:: WHAT IS EXPECTED ::
Every line of the listing should be repeated exactly.

START DATA

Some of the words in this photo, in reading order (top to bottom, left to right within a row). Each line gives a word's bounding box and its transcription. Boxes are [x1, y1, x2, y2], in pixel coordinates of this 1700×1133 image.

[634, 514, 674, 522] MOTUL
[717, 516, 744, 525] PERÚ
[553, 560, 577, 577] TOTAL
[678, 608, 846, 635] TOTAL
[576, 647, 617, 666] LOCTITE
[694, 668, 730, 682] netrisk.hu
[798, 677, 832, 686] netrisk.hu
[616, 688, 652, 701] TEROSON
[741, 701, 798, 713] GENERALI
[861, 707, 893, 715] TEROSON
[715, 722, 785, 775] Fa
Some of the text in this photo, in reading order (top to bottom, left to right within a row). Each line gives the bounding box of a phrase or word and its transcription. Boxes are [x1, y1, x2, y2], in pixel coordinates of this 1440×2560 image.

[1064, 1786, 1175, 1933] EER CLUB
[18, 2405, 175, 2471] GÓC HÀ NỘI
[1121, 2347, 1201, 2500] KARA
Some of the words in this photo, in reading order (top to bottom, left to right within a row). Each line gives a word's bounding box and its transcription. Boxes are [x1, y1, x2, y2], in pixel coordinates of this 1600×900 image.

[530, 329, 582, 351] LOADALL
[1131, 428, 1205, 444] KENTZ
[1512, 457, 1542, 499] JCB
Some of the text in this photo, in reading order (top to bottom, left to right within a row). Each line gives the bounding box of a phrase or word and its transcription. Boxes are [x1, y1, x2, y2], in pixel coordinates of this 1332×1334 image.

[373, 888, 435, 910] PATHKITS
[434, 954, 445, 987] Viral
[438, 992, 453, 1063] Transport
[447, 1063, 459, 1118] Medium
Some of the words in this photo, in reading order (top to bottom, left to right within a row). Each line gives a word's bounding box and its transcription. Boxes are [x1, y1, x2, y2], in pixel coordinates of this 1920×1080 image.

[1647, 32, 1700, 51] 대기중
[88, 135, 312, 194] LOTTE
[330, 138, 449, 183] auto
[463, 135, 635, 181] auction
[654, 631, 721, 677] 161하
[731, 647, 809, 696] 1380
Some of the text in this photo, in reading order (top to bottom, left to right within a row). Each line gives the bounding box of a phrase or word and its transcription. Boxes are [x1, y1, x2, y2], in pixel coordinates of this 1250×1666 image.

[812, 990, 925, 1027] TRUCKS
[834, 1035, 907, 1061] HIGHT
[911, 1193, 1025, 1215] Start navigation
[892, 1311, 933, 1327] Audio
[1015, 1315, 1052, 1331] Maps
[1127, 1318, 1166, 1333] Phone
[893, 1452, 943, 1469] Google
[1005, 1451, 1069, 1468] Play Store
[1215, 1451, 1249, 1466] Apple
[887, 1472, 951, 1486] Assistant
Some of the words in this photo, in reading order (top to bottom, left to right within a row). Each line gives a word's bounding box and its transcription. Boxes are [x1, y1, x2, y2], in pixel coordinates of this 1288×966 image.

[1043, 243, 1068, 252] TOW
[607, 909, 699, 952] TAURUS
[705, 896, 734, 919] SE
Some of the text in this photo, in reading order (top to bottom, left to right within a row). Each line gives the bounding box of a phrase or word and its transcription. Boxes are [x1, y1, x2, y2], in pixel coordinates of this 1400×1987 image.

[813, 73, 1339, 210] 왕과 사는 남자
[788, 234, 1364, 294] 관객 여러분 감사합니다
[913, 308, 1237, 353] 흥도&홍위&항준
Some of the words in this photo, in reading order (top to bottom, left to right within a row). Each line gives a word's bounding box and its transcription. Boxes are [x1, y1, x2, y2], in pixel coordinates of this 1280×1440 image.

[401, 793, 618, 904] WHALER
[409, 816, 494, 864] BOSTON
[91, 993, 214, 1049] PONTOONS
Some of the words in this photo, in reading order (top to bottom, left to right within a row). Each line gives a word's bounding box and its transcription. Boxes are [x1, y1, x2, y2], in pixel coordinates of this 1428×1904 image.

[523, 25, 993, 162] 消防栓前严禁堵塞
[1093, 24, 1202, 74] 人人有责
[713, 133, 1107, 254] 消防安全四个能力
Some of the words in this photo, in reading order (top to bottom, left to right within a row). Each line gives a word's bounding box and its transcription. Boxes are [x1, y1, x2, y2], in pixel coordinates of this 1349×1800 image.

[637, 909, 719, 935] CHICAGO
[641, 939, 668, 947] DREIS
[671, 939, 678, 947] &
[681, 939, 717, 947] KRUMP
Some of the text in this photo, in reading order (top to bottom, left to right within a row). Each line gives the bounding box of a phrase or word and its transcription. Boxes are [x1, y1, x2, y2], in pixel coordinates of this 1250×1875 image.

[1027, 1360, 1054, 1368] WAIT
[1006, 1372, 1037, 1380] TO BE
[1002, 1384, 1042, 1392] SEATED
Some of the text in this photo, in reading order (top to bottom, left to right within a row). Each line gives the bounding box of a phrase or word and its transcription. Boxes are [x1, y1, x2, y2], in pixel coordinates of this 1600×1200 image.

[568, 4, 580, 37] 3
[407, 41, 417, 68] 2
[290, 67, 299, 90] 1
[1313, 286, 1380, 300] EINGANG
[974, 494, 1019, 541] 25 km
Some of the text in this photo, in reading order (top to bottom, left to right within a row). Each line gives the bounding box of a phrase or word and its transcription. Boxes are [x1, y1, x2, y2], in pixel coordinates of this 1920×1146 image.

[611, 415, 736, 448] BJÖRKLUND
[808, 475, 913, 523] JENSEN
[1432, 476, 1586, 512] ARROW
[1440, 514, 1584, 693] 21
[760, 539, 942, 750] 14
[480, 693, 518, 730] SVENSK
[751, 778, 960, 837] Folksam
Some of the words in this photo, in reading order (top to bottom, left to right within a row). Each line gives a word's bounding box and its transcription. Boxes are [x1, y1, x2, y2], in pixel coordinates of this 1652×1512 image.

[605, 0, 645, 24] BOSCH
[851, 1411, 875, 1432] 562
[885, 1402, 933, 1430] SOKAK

END DATA

:: COMPLETED TASK ::
Some of the words in this photo, in reading order (top to bottom, left to right within a row). Each line gives a word's bounding box and its transcription. Boxes are [x1, y1, x2, y2], in pixel coordinates of this 1700×1133 image.

[634, 514, 674, 522] MOTUL
[717, 516, 744, 525] PERÚ
[553, 560, 577, 577] TOTAL
[678, 608, 846, 635] TOTAL
[576, 647, 617, 666] LOCTITE
[694, 668, 730, 682] netrisk.hu
[798, 677, 832, 686] netrisk.hu
[616, 688, 652, 701] TEROSON
[741, 701, 798, 713] GENERALI
[861, 707, 893, 715] TEROSON
[715, 722, 785, 775] Fa
Some of the text in this photo, in reading order (top to bottom, left to right within a row). Each line gives the bounding box of a phrase or word and its transcription. Boxes are [x1, y1, x2, y2], in pixel coordinates of this 1440×2560 image.

[1064, 1786, 1175, 1933] EER CLUB
[18, 2405, 175, 2471] GÓC HÀ NỘI
[1121, 2347, 1201, 2500] KARA
Some of the words in this photo, in reading order (top to bottom, left to right within a row). Each line gives a word's bounding box and its transcription. Boxes are [x1, y1, x2, y2], in pixel coordinates of this 1600×900 image.

[530, 329, 582, 351] LOADALL
[1131, 428, 1205, 444] KENTZ
[1512, 457, 1542, 499] JCB
Some of the text in this photo, in reading order (top to bottom, left to right within a row). Each line gives the bounding box of a phrase or word and its transcription. Boxes are [x1, y1, x2, y2], in pixel coordinates of this 1332×1334 image.

[373, 888, 435, 910] PATHKITS
[434, 954, 445, 987] Viral
[438, 992, 453, 1063] Transport
[447, 1063, 459, 1118] Medium
Some of the words in this photo, in reading order (top to bottom, left to right within a row). Each line gives a word's bounding box and its transcription. Boxes are [x1, y1, x2, y2], in pixel coordinates of this 1920×1080 image.

[1647, 32, 1700, 51] 대기중
[88, 135, 312, 194] LOTTE
[330, 138, 449, 183] auto
[463, 135, 635, 181] auction
[654, 631, 721, 677] 161하
[731, 647, 809, 696] 1380
Some of the text in this photo, in reading order (top to bottom, left to right within a row). Each line gives the bounding box of a phrase or word and its transcription. Boxes are [x1, y1, x2, y2], in pixel coordinates of this 1250×1666 image.

[812, 990, 925, 1027] TRUCKS
[834, 1035, 907, 1061] HIGHT
[911, 1193, 1025, 1215] Start navigation
[892, 1311, 933, 1327] Audio
[1015, 1315, 1052, 1331] Maps
[1127, 1318, 1166, 1333] Phone
[893, 1452, 943, 1469] Google
[1005, 1451, 1069, 1468] Play Store
[1215, 1451, 1249, 1466] Apple
[887, 1472, 951, 1486] Assistant
Some of the words in this photo, in reading order (top to bottom, left to right within a row). Each line gives a word's bounding box and its transcription. Boxes are [x1, y1, x2, y2], in pixel coordinates of this 1288×966 image.

[1043, 243, 1068, 252] TOW
[607, 909, 699, 952] TAURUS
[705, 896, 734, 919] SE
Some of the text in this photo, in reading order (top to bottom, left to right within a row). Each line gives the bounding box of a phrase or word and its transcription. Boxes are [x1, y1, x2, y2], in pixel coordinates of this 1400×1987 image.

[813, 73, 1339, 210] 왕과 사는 남자
[788, 234, 1364, 294] 관객 여러분 감사합니다
[913, 308, 1237, 353] 흥도&홍위&항준
Some of the words in this photo, in reading order (top to bottom, left to right within a row). Each line gives a word's bounding box and its transcription. Boxes are [x1, y1, x2, y2], in pixel coordinates of this 1280×1440 image.

[401, 793, 618, 904] WHALER
[409, 816, 494, 864] BOSTON
[91, 993, 214, 1049] PONTOONS
Some of the words in this photo, in reading order (top to bottom, left to right within a row). Each line gives a word's bounding box and its transcription. Boxes are [x1, y1, x2, y2], in pixel coordinates of this 1428×1904 image.

[523, 25, 993, 162] 消防栓前严禁堵塞
[1093, 24, 1202, 74] 人人有责
[713, 133, 1107, 254] 消防安全四个能力
Some of the words in this photo, in reading order (top to bottom, left to right within a row). Each line gives a word's bounding box and its transcription. Boxes are [x1, y1, x2, y2], in pixel coordinates of this 1349×1800 image.

[637, 909, 719, 935] CHICAGO
[641, 939, 668, 947] DREIS
[671, 939, 678, 947] &
[681, 939, 717, 947] KRUMP
Some of the text in this photo, in reading order (top to bottom, left to right within a row). Each line gives the bounding box of a phrase or word and its transcription. Boxes are [x1, y1, x2, y2], in pixel coordinates of this 1250×1875 image.

[1027, 1360, 1054, 1368] WAIT
[1006, 1372, 1037, 1380] TO BE
[1002, 1384, 1042, 1392] SEATED
Some of the text in this photo, in reading order (top to bottom, left to right within a row). Each line gives the bounding box of a phrase or word and its transcription. Boxes are [x1, y1, x2, y2], in pixel coordinates of this 1600×1200 image.

[568, 4, 580, 37] 3
[407, 41, 417, 68] 2
[290, 67, 299, 90] 1
[1313, 286, 1380, 300] EINGANG
[974, 494, 1019, 541] 25 km
Some of the text in this photo, in reading order (top to bottom, left to right within a row). Each line gives the bounding box of a phrase or word and its transcription. Boxes are [x1, y1, x2, y2], in pixel coordinates of this 1920×1146 image.

[611, 415, 736, 448] BJÖRKLUND
[808, 475, 913, 523] JENSEN
[1432, 476, 1586, 512] ARROW
[1440, 514, 1584, 693] 21
[760, 539, 942, 750] 14
[480, 693, 518, 730] SVENSK
[751, 778, 960, 837] Folksam
Some of the words in this photo, in reading order (top to bottom, left to right within a row). Each line gives a word's bounding box and its transcription. Boxes are [x1, y1, x2, y2], in pixel coordinates of this 1652×1512 image.

[605, 0, 645, 24] BOSCH
[851, 1411, 875, 1432] 562
[885, 1402, 933, 1430] SOKAK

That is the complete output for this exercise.